### Goal of the exercise
Output the entries that follow, word for word.

### Referring expression grounding data
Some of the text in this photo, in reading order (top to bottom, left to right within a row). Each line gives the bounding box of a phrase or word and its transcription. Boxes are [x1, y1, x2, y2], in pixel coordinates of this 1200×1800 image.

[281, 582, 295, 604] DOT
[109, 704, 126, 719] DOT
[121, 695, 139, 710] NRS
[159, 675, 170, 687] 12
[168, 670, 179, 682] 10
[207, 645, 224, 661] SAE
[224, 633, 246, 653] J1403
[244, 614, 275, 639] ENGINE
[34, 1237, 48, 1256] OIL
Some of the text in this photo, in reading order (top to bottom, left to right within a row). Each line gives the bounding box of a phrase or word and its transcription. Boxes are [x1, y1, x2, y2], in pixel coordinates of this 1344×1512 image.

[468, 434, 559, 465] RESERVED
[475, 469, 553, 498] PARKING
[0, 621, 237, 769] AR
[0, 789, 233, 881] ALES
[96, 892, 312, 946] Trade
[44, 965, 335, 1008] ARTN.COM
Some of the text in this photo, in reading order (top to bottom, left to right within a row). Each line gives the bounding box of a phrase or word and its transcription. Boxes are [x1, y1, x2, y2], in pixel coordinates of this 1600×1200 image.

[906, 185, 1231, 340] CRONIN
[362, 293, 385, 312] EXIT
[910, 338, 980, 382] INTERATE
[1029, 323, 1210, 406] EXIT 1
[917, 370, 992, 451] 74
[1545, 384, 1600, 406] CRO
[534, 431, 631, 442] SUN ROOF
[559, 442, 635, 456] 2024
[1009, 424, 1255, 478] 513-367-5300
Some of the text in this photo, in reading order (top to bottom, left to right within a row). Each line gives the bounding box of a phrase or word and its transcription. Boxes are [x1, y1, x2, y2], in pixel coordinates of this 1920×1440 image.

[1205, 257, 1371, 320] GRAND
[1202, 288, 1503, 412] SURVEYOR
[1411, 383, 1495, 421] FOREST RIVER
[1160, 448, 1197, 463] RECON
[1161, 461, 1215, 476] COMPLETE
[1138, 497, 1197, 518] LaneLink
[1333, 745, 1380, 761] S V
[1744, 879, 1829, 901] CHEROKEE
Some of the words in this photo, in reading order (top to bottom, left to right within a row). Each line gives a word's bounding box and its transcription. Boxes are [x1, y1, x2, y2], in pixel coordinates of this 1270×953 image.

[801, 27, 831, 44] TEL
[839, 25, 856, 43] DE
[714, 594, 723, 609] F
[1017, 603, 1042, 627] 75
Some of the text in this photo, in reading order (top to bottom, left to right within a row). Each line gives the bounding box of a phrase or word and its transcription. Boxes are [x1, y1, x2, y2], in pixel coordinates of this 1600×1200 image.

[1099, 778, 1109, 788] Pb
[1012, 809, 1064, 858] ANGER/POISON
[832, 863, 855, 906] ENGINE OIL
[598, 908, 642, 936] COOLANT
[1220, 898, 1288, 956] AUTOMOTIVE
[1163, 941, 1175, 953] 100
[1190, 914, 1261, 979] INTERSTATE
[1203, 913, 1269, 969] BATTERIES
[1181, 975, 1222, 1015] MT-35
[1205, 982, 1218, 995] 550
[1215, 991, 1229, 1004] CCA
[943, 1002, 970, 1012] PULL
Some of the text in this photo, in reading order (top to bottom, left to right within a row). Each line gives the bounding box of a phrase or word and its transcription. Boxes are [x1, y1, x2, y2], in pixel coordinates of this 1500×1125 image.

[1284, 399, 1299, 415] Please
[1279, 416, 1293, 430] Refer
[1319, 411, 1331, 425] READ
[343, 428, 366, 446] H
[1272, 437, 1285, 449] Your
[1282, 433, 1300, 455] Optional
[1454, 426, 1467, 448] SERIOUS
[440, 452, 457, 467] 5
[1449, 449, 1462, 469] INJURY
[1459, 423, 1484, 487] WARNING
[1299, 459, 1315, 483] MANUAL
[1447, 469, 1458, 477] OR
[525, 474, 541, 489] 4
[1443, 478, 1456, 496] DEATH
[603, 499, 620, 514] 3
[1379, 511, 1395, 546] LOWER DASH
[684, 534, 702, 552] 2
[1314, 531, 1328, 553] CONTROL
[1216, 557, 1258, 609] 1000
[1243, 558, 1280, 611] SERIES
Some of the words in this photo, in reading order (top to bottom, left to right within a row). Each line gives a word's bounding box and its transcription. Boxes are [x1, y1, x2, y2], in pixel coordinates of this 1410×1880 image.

### Answer box
Some of the text in this photo, in reading order (top to bottom, left to right within a row). Each line gives the bounding box of a phrase or word and its transcription. Boxes are [x1, y1, x2, y2], in pixel coordinates of this 1200×1800 image.

[281, 582, 295, 604] DOT
[109, 704, 126, 719] DOT
[121, 695, 139, 710] NRS
[159, 675, 170, 687] 12
[168, 670, 179, 682] 10
[207, 645, 224, 661] SAE
[224, 633, 246, 653] J1403
[244, 614, 275, 639] ENGINE
[34, 1237, 48, 1256] OIL
Some of the text in this photo, in reading order (top to bottom, left to right within a row). Each line gives the bounding box of a phrase or word and its transcription. Boxes are [x1, y1, x2, y2], in pixel coordinates of this 1344×1512 image.

[468, 434, 559, 465] RESERVED
[475, 469, 553, 498] PARKING
[0, 621, 237, 769] AR
[0, 789, 233, 881] ALES
[96, 892, 312, 946] Trade
[44, 965, 335, 1008] ARTN.COM
Some of the text in this photo, in reading order (top to bottom, left to right within a row). Each line gives the bounding box of a phrase or word and its transcription. Boxes are [x1, y1, x2, y2], in pixel coordinates of this 1600×1200 image.

[906, 185, 1231, 340] CRONIN
[362, 293, 385, 312] EXIT
[910, 338, 980, 382] INTERATE
[1029, 323, 1210, 406] EXIT 1
[917, 370, 992, 451] 74
[1545, 384, 1600, 406] CRO
[534, 431, 631, 442] SUN ROOF
[559, 442, 635, 456] 2024
[1009, 424, 1255, 478] 513-367-5300
Some of the text in this photo, in reading order (top to bottom, left to right within a row). Each line gives the bounding box of a phrase or word and its transcription. Boxes are [x1, y1, x2, y2], in pixel coordinates of this 1920×1440 image.

[1205, 257, 1371, 320] GRAND
[1202, 288, 1503, 412] SURVEYOR
[1411, 383, 1495, 421] FOREST RIVER
[1160, 448, 1197, 463] RECON
[1161, 461, 1215, 476] COMPLETE
[1138, 497, 1197, 518] LaneLink
[1333, 745, 1380, 761] S V
[1744, 879, 1829, 901] CHEROKEE
Some of the words in this photo, in reading order (top to bottom, left to right within a row). Each line gives a word's bounding box and its transcription. Boxes are [x1, y1, x2, y2], in pixel coordinates of this 1270×953 image.

[801, 27, 831, 44] TEL
[839, 25, 856, 43] DE
[714, 594, 723, 609] F
[1017, 603, 1042, 627] 75
Some of the text in this photo, in reading order (top to bottom, left to right within a row). Each line gives the bounding box of a phrase or word and its transcription. Boxes are [x1, y1, x2, y2], in pixel coordinates of this 1600×1200 image.

[1099, 778, 1109, 788] Pb
[1012, 809, 1064, 858] ANGER/POISON
[832, 863, 855, 906] ENGINE OIL
[598, 908, 642, 936] COOLANT
[1220, 898, 1288, 956] AUTOMOTIVE
[1163, 941, 1175, 953] 100
[1190, 914, 1261, 979] INTERSTATE
[1203, 913, 1269, 969] BATTERIES
[1181, 975, 1222, 1015] MT-35
[1205, 982, 1218, 995] 550
[1215, 991, 1229, 1004] CCA
[943, 1002, 970, 1012] PULL
Some of the text in this photo, in reading order (top to bottom, left to right within a row). Each line gives the bounding box of a phrase or word and its transcription. Boxes are [x1, y1, x2, y2], in pixel coordinates of this 1500×1125 image.

[1284, 399, 1299, 415] Please
[1279, 416, 1293, 430] Refer
[1319, 411, 1331, 425] READ
[343, 428, 366, 446] H
[1272, 437, 1285, 449] Your
[1282, 433, 1300, 455] Optional
[1454, 426, 1467, 448] SERIOUS
[440, 452, 457, 467] 5
[1449, 449, 1462, 469] INJURY
[1459, 423, 1484, 487] WARNING
[1299, 459, 1315, 483] MANUAL
[1447, 469, 1458, 477] OR
[525, 474, 541, 489] 4
[1443, 478, 1456, 496] DEATH
[603, 499, 620, 514] 3
[1379, 511, 1395, 546] LOWER DASH
[684, 534, 702, 552] 2
[1314, 531, 1328, 553] CONTROL
[1216, 557, 1258, 609] 1000
[1243, 558, 1280, 611] SERIES
Some of the words in this photo, in reading order (top to bottom, left to right within a row). Each line gives a word's bounding box and its transcription. Boxes are [x1, y1, x2, y2], in pixel coordinates of this 1410×1880 image.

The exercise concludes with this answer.